All the examples listed are cases where the images are not, in fact rendered,
just as it states in the main text. What you are saying is similar to saying
if a webpage has a class="motorcycle start" the browser should start the
motorcycle, except being less silly. Beside being the obvious interpretion,
my interpretation has been officially confirmed by a member of the design
comittee. Why anyone would still argue this point is beyond me.
>
> Beyond that the question is a practical one: does showing the ALT
> attribute in a tooltip help the user when no TITLE attribute is present?

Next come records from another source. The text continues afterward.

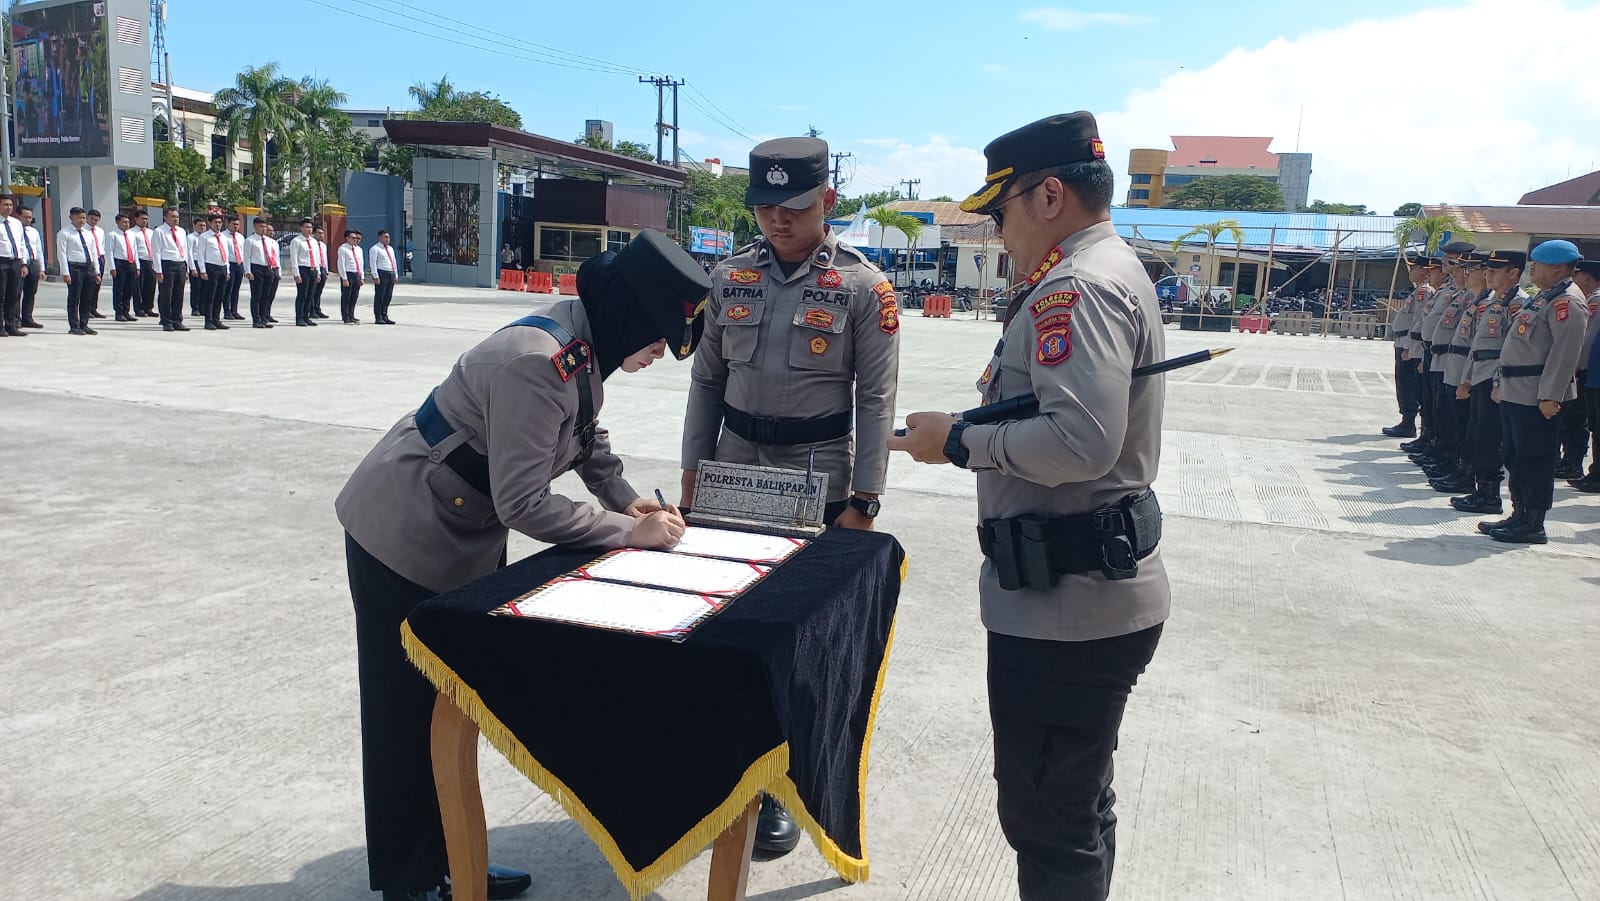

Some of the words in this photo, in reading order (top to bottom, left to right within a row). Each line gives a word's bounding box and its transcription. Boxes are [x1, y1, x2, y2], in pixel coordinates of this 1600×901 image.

[722, 287, 763, 299] SATRIA
[802, 289, 850, 306] POLRI
[1034, 293, 1073, 310] POLRESTA
[704, 472, 753, 488] POLRESTA
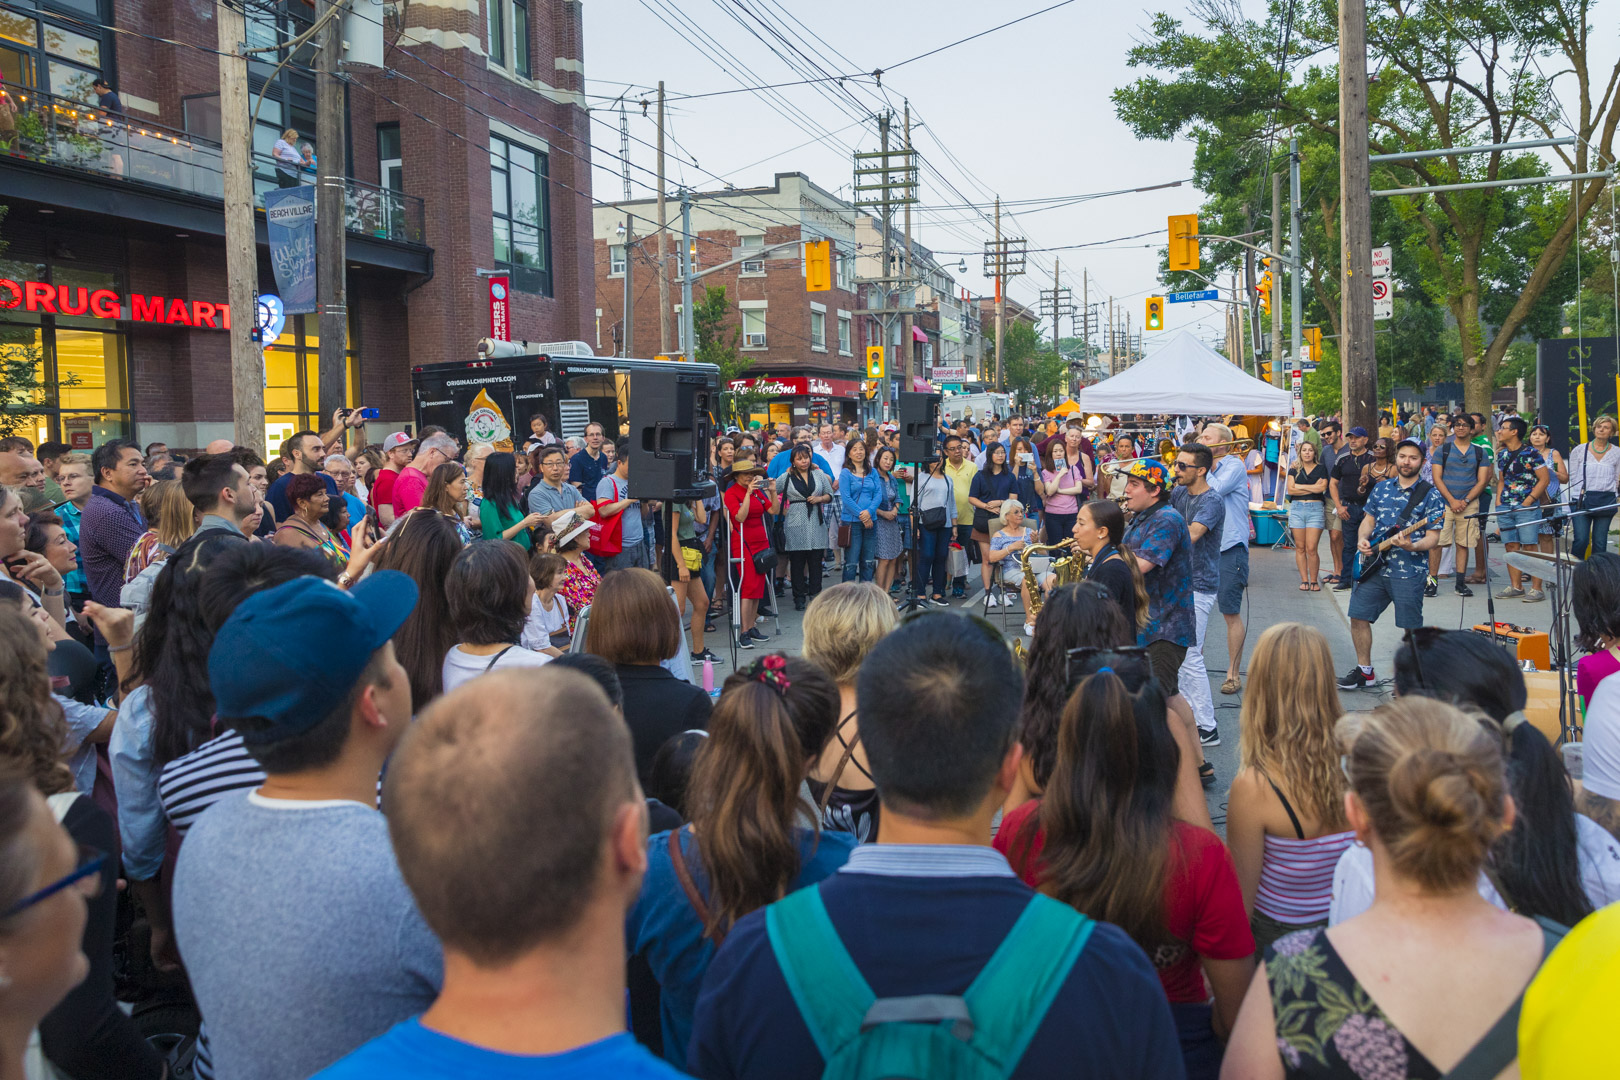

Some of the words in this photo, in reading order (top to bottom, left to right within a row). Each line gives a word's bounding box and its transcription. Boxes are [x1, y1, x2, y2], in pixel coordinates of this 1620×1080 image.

[270, 208, 290, 219] BEACH
[1372, 258, 1390, 268] ANDING
[1175, 292, 1205, 301] Bellefair
[0, 278, 121, 320] DRUG
[131, 293, 231, 330] MART
[446, 375, 517, 387] ORIGINALCHIMNEYS.COM
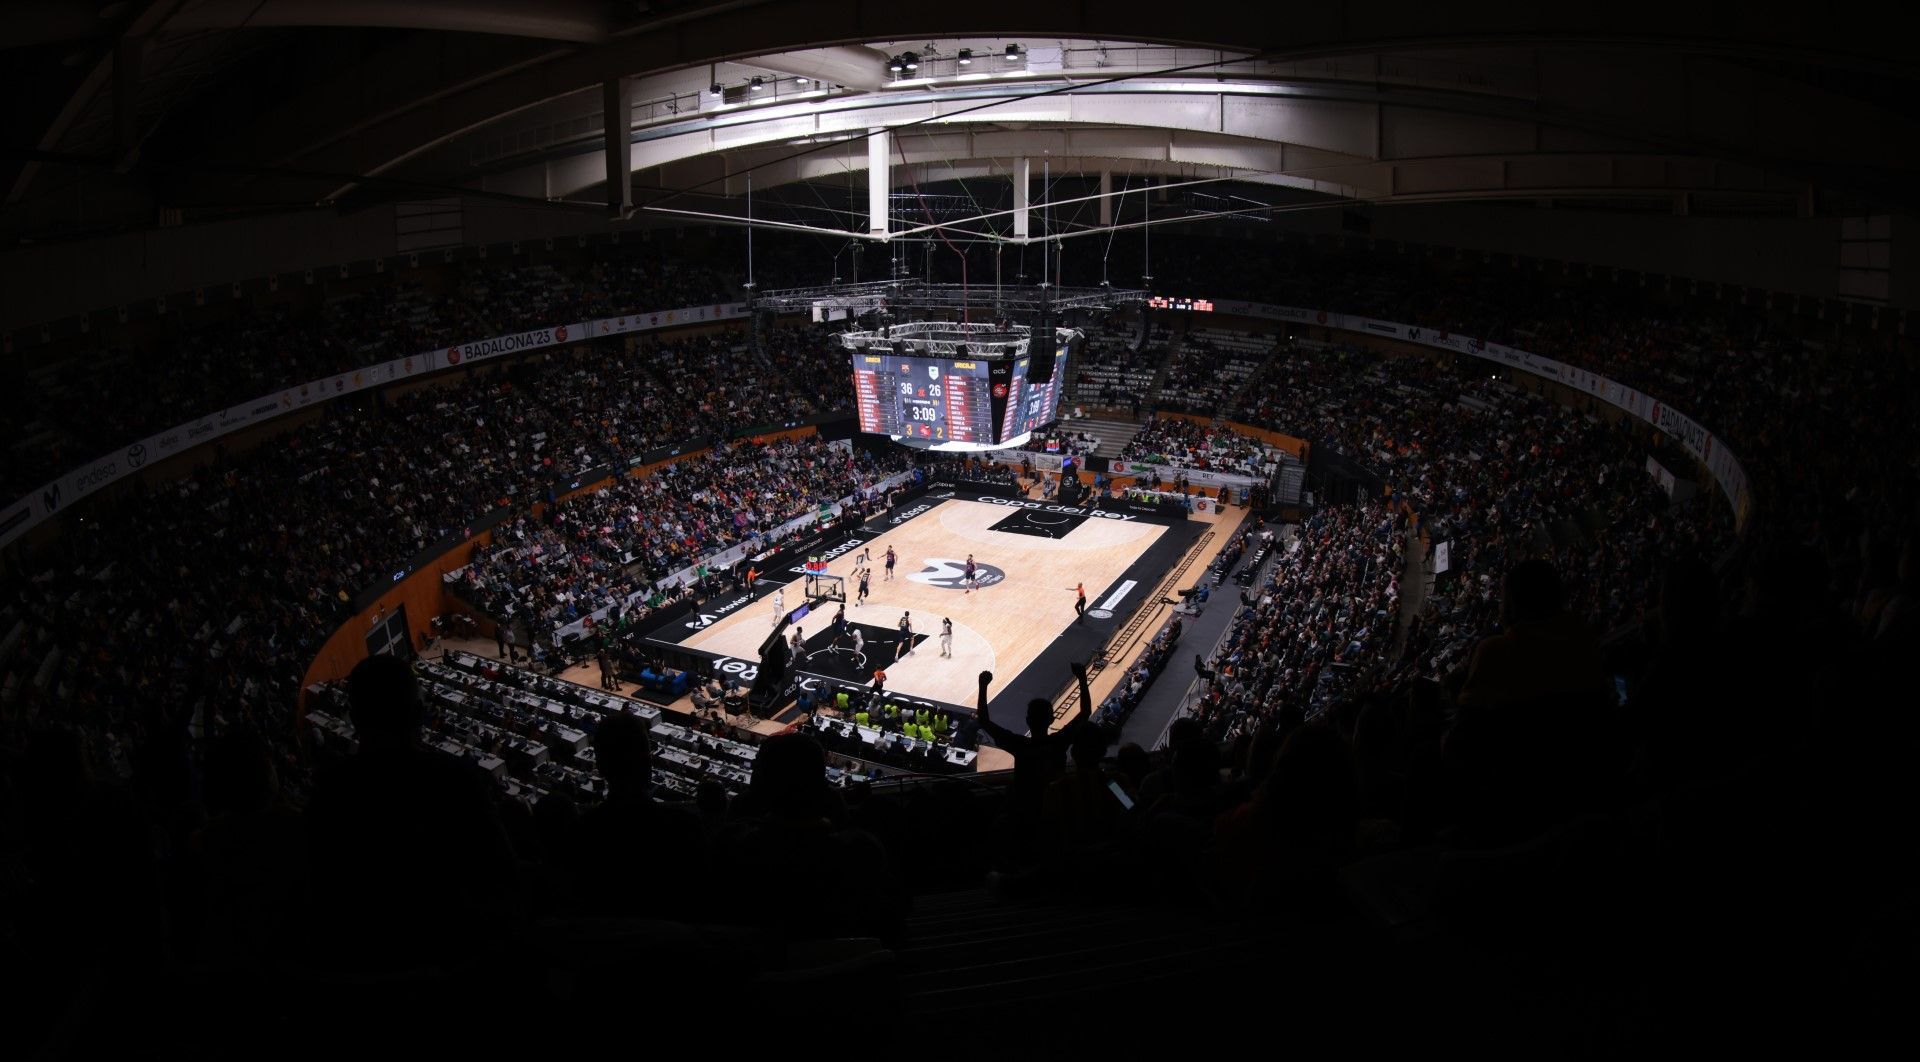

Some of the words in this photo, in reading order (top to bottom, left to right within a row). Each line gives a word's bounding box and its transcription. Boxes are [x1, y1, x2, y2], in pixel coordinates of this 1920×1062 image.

[465, 330, 551, 360] BADALONA'23
[900, 382, 913, 395] 36
[928, 384, 941, 397] 26
[912, 406, 936, 422] 3:09
[906, 424, 913, 436] 3
[936, 427, 943, 439] 2
[977, 496, 1042, 509] Copa
[1046, 505, 1086, 514] del
[1090, 509, 1137, 521] Rey

> In my case, yes, I find that info very useful.
Then the web page you are looking at is broken. That is hardly unique; some
does not render at all.
>
> There is of course a conceptual difference b/w the two attributes: the
> TITLE attribute assumes the person sees the image and the ALT attribute
> assumes the opposite. Thus the TITLE attribute can often be much simpler
> than the ALT attribute, in the rare event that someone is ambitious enough
> to care about this. But still there are many cases where the ALT and TITLE
> would still remain the same (e.g., for icons and logos).
Really? A logo's alt text should by "FooComp logo", and the title should be
"FooComp, Inc", "click me to vist FooComp's homepage" or even better "". A
titletag saying "Foocomp logo" would be rather redundant, no?
>
> > The big question is: Should a browser do it anyways? That question is no.
> > Try contacting Ian Hixie from the Mozilla QA team for a nice chat about
> > this. Besides (I believe) sitting on the w3.org group that drafts these
> > standards, he is a real capacity in these areas. When I did, he conjured
> > up example after example of webauthour that errornously put the same text
> > in the alt and title tags, which he then convinced me was
> > near-unreadable. But try him, I could never explain this as he can.
>
> I read his FAQ (http://www.hixie.ch/advocacy/alttext) and still don't agree
> with it. I think his ideas would make more sense if people spent hours
> labeling each image on a website, but I don't think that will ever happen -
> in other words, it suffers the typical problem of a lot of theory and
> "shoulds" and so but a lack of realism and practicality.
I find not considering blind people for a few minutes when designing a
webpages is not-very-nice. But you call; just leave of the ALT tag in this
case and use the title tag. It even works in IE, I'm told.
> Again, if a web author takes the time to care about the difference, the
> author can use both attributes. I am only considering the case where the
> author has provided an ALT attribute and no TITLE attribute. This is
> orthoganol to the question of how a web author should complete them.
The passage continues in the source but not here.